The Spring semester at Penn State recently ended. This semester has been very busy for us! We recently completed the last of the 1 year follow-up sessions for the Autism Greebles intervention project. We are working on writing grants to secure long-term funding for the gaming intervention project that we are starting to develop.
I recently presented on data from the autism intervention project, as well as data from her dissertation, at the conference for the Society of Research on Child Development (SRCD) conference, at Seattle Washington, in April 2013. I received an early career travel award from SRCD to provide travel support for attending the conference.
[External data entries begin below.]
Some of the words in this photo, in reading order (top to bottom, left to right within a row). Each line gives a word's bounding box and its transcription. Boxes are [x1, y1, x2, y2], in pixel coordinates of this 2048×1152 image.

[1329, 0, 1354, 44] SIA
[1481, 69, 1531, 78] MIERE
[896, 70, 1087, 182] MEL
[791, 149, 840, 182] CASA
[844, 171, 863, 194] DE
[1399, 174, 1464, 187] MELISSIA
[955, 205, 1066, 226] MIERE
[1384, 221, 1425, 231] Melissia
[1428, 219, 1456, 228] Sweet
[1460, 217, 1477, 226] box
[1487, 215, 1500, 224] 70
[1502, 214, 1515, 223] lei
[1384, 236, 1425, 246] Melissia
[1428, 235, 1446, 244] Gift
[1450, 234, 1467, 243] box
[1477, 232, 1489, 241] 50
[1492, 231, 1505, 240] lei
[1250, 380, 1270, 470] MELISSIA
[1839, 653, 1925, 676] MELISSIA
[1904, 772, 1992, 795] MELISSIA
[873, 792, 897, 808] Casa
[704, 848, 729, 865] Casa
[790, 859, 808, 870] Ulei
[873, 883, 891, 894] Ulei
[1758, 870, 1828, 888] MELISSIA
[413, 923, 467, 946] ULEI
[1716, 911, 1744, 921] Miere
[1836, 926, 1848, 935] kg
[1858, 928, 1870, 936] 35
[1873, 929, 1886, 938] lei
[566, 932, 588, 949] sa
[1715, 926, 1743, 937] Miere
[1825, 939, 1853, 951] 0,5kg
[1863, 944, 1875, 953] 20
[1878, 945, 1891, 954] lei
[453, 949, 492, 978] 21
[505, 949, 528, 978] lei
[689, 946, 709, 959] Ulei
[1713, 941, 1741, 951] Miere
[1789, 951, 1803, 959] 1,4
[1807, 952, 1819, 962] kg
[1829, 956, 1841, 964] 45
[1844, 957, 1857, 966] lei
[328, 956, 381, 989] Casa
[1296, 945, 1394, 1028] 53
In addition, funds from the crowdfunding project were used to help supplement this support for my travel to the conference.
At the conference, I presented a talk titled “Faces may not be aversive for individuals with autism,” where she presented on neuroimaging data collected from the pre-test (baseline) testing. This conference presentation compared functional MRI data from adolescents with autism, adolescents with typical development, and typical adults. The participants viewed pictures of human faces with varying emotional expressions, as well as pictures of objects and animals (common cat and dog pet breeds). This talk compared the patterns of face-related brain activity when viewing animal faces versus human faces, and found differences in patterns of activation in the brain related to viewing human faces versus animal faces between the groups. This Human/Animal face task will also be used in the upcoming autism Gaming intervention project to track possible intervention-related changes in how the brain processes pictures of faces, and data from this task is being used as pilot data when applying for grants for our autism Gaming intervention.
In addition, at SRCD, I presented a poster based on the typically developing data from her dissertation, examining what factors best predict figurative language abilities (including knowledge of idioms such as “raining cats and dogs”), as well as pragmatic abilities (being able to produce language appropriate for the social context). The data comparing a group of children with autism to language-matched controls with typical development was recently accepted for publication by the Journal for Speech, Language and Hearing Research. I am also working on preparing a second manuscript related to the data from children with autism from this project.
Dr. Scherf is presenting on the results of additional baseline (pre-test) data from the autism greebles intervention project at the annual meeting of the Vision Sciences Society, at Naples, Florida, in May 2013. This poster is titled “Core and extended face-processing regions are hypoactive in autism and related to symptom severity”. Dr. Scherf is also currently preparing a manuscript related to this data, examining how changes in autism symptom severity relate to patterns of brain activity when viewing pictures of human faces compared to viewing common objects, cars, and houses.